Effectiveness of high-intensity interval training and high-protein diet on TNF-α protein level in colon tissue of obese male rats: The importance of diet modifying

نویسندگانMarziyeh Saghebjoo
نشریهObesity Medicine
شماره صفحات1-9
شماره سریال31
شماره مجلد2022
نوع مقالهFull Paper
تاریخ انتشار2022
نوع نشریهالکترونیکی
کشور محل چاپبلژیک
نمایه نشریهScopus
کلید واژه هاHigh, intensity interval training, protein diet, Interleukin, 37, Tumor necrosis factor, alpha, obesity, Bowel inflammation

چکیده مقاله

Purpose: High-fat diets (HFDs) are a risk factor for obesity, insulin resistance, non-alcoholic fatty liver disease, hypertension, inflammatory bowel disease, and atherosclerosis. The present study aimed to investigate the effect of high-intensity interval training (HIIT) and high-protein diet (HPD) on interleukin-37 (IL-37) and tumor necrosis factor-alpha (TNF-α) protein levels in the colon tissue of obese male rats fed a high-fat diet (HFD).

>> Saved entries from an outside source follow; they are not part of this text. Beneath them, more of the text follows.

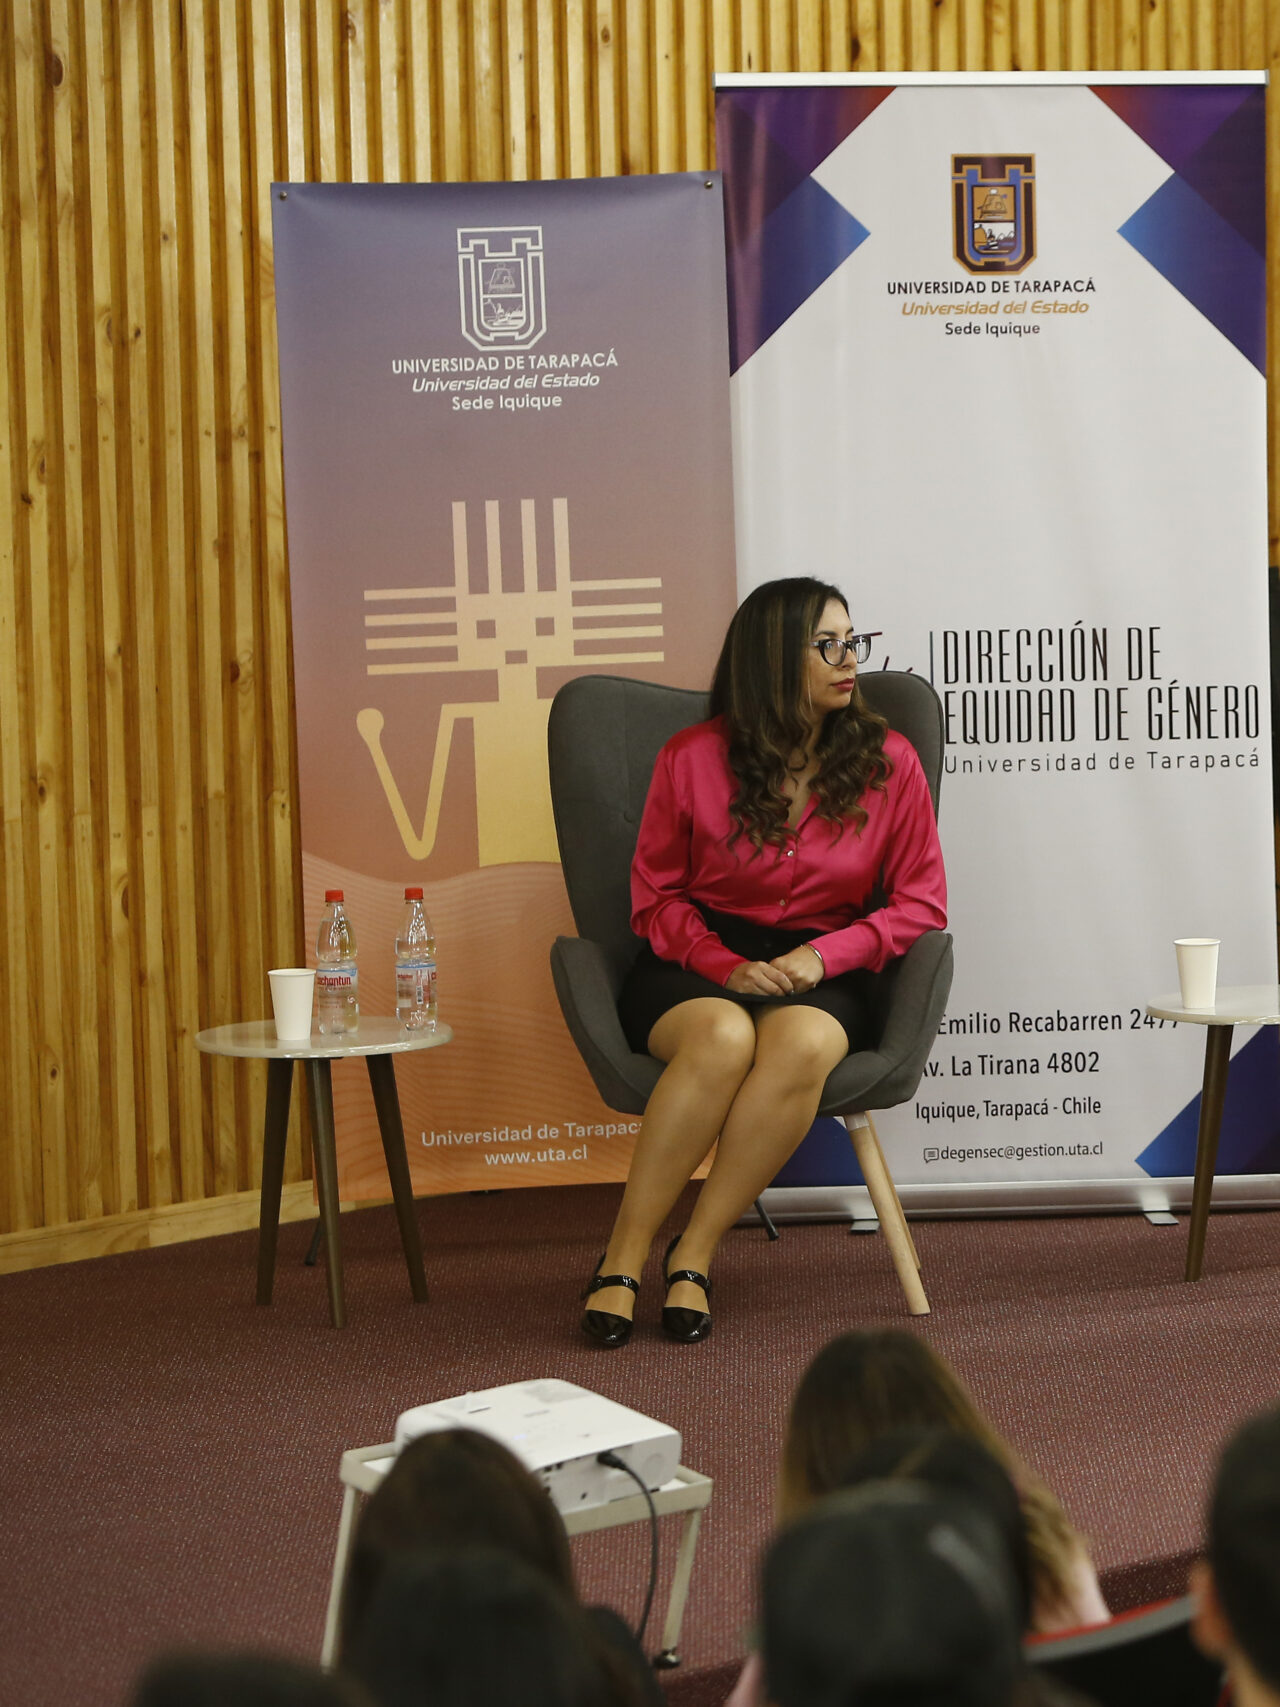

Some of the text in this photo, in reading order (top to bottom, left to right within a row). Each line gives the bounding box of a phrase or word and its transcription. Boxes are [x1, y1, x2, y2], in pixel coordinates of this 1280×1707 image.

[886, 276, 1097, 295] UNIVERSIDAD DE TARAPACÁ
[901, 300, 1090, 316] Universidad del Estado
[945, 322, 1041, 338] Sede Iquique
[391, 348, 618, 374] UNIVERSIDAD DE TARAPACÁ
[411, 373, 600, 393] Universidad del Estado
[452, 394, 563, 411] Sede Iquique
[943, 620, 1163, 684] DIRECCIÓN DE
[944, 679, 1260, 745] EQUIDAD DE GÉNERO
[944, 747, 1260, 773] Universidad de Tarapacá
[1008, 1010, 1122, 1034] Recabarren
[951, 1055, 972, 1077] La
[977, 1053, 1040, 1076] Tirana
[1046, 1051, 1100, 1074] 4802
[915, 1101, 980, 1124] Iquique,
[983, 1098, 1049, 1121] Tarapacá
[1062, 1097, 1101, 1115] Chile
[421, 1125, 532, 1147] Universidad
[537, 1123, 559, 1140] de
[484, 1145, 588, 1166] www.uta.cl
[940, 1142, 1104, 1163] degensec@gestion.uta.cl
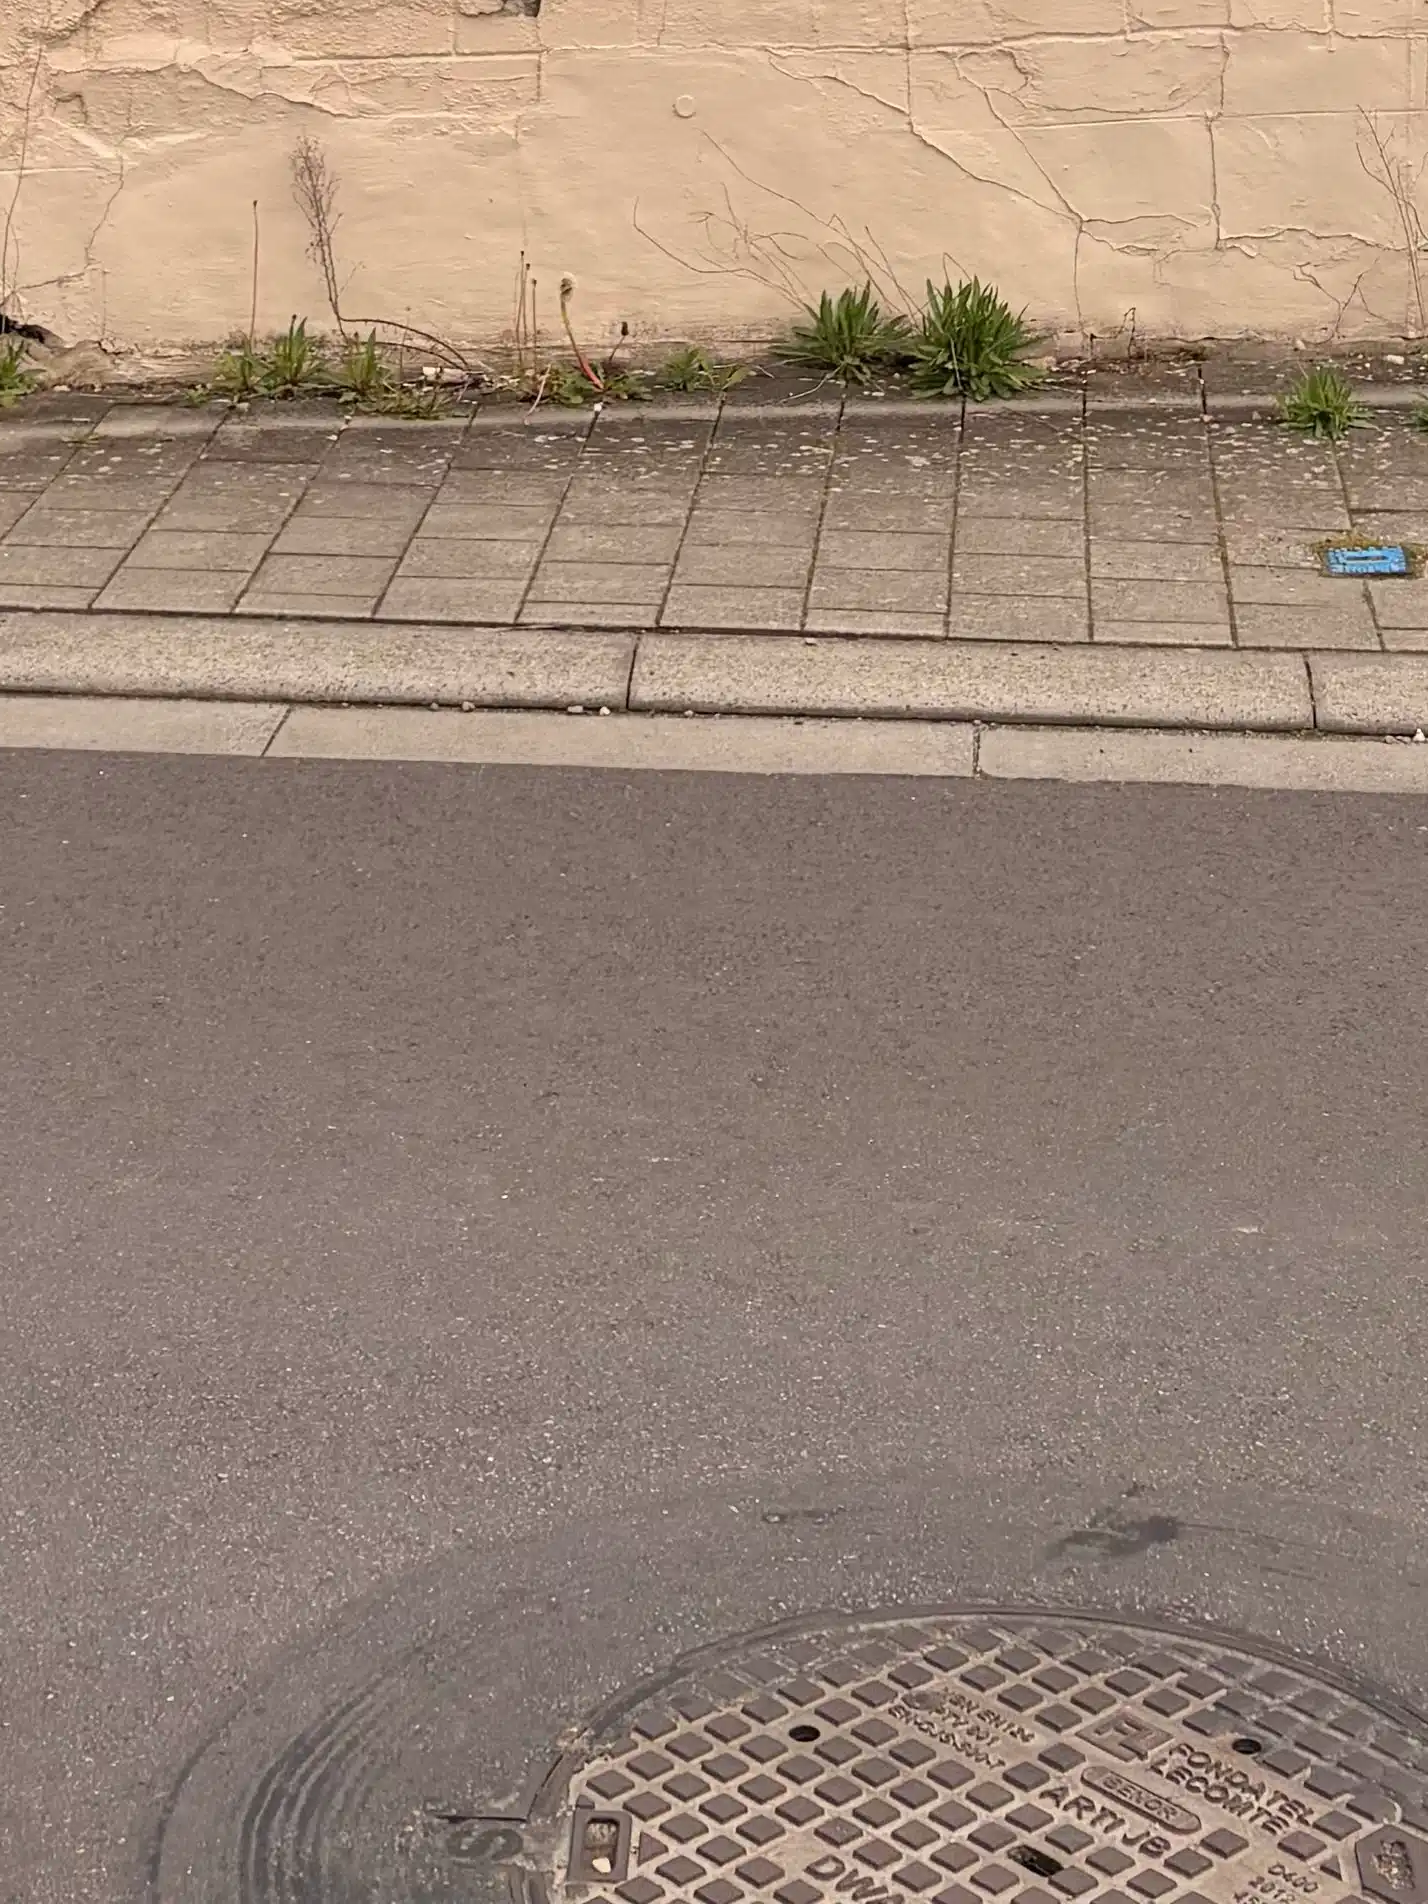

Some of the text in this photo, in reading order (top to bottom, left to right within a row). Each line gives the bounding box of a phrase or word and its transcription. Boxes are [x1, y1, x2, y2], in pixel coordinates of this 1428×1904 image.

[1102, 1775, 1178, 1821] BENOR
[1149, 1758, 1290, 1835] LECOMTE
[1168, 1742, 1314, 1826] FONDATEL
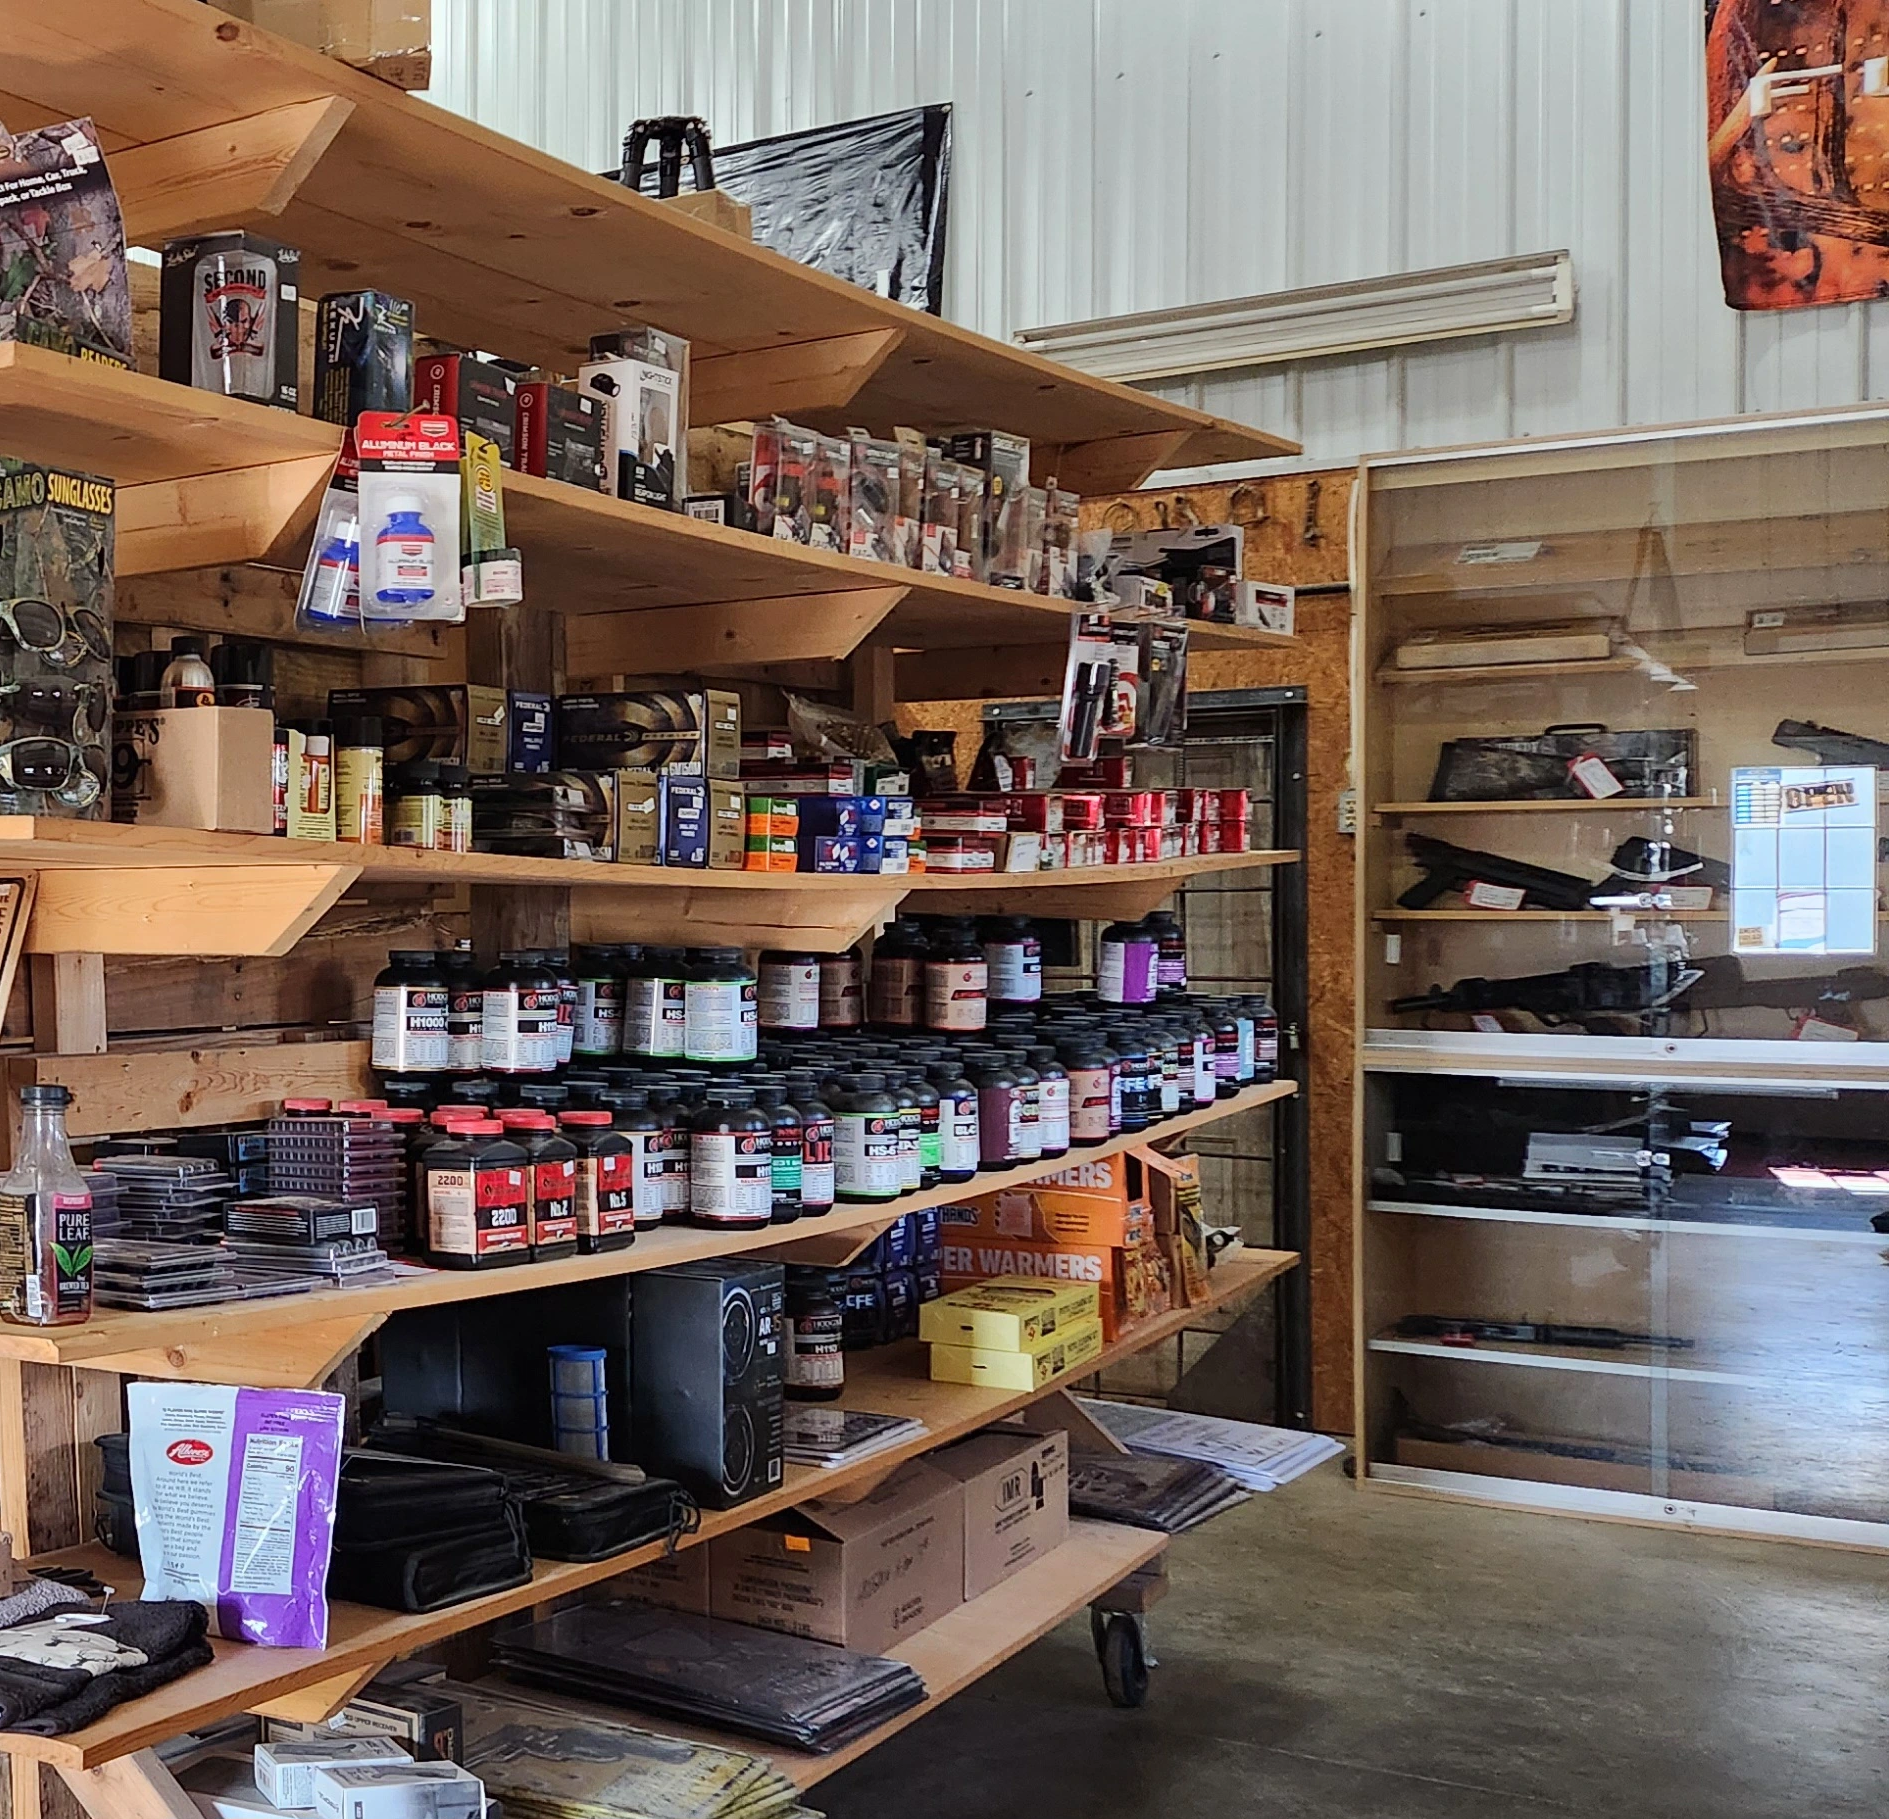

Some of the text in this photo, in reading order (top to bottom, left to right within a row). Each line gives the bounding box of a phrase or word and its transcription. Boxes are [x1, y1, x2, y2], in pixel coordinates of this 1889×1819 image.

Methods: Forty obese male Wistar rats were randomly assigned into six equal groups: 1) HIIT, 2) HPD, 3) HIIT+ HPD, 4) Obese control 1 with HFD (Ct1), and 5) obese control 2 with breaking a HFD at the start of the study (Ct2). Eight rats were given a standard diet in the normal control group (NCt). Rats were sacrificed 48 h after the last intervention session and colon tissue was removed. Results: The protein level of TNF-α was significantly lower in the HIIT, HPD, HIIT+ HPD, and Ct2 groups compared with the Ct1, with more lowering effects in the HPD and HIIT+ HPD and almost similar effects between the HIIT and Ct2 groups. No significant difference was observed in the IL- 37 protein level between experimental groups. Conclusion: These findings suggest that HIIT, HPD, and HIIT+HPD may reduce colon inflammation through lowering of TNF-α inflammatory marker in colon tissue of obese rats receiving HFD. Although, the HPD alone and along with HIIT represent a more reducing effect than HIIT alone. However, breaking the HFD and replacing it with the standard diet was similar to the HIIT for reducing TNF-α.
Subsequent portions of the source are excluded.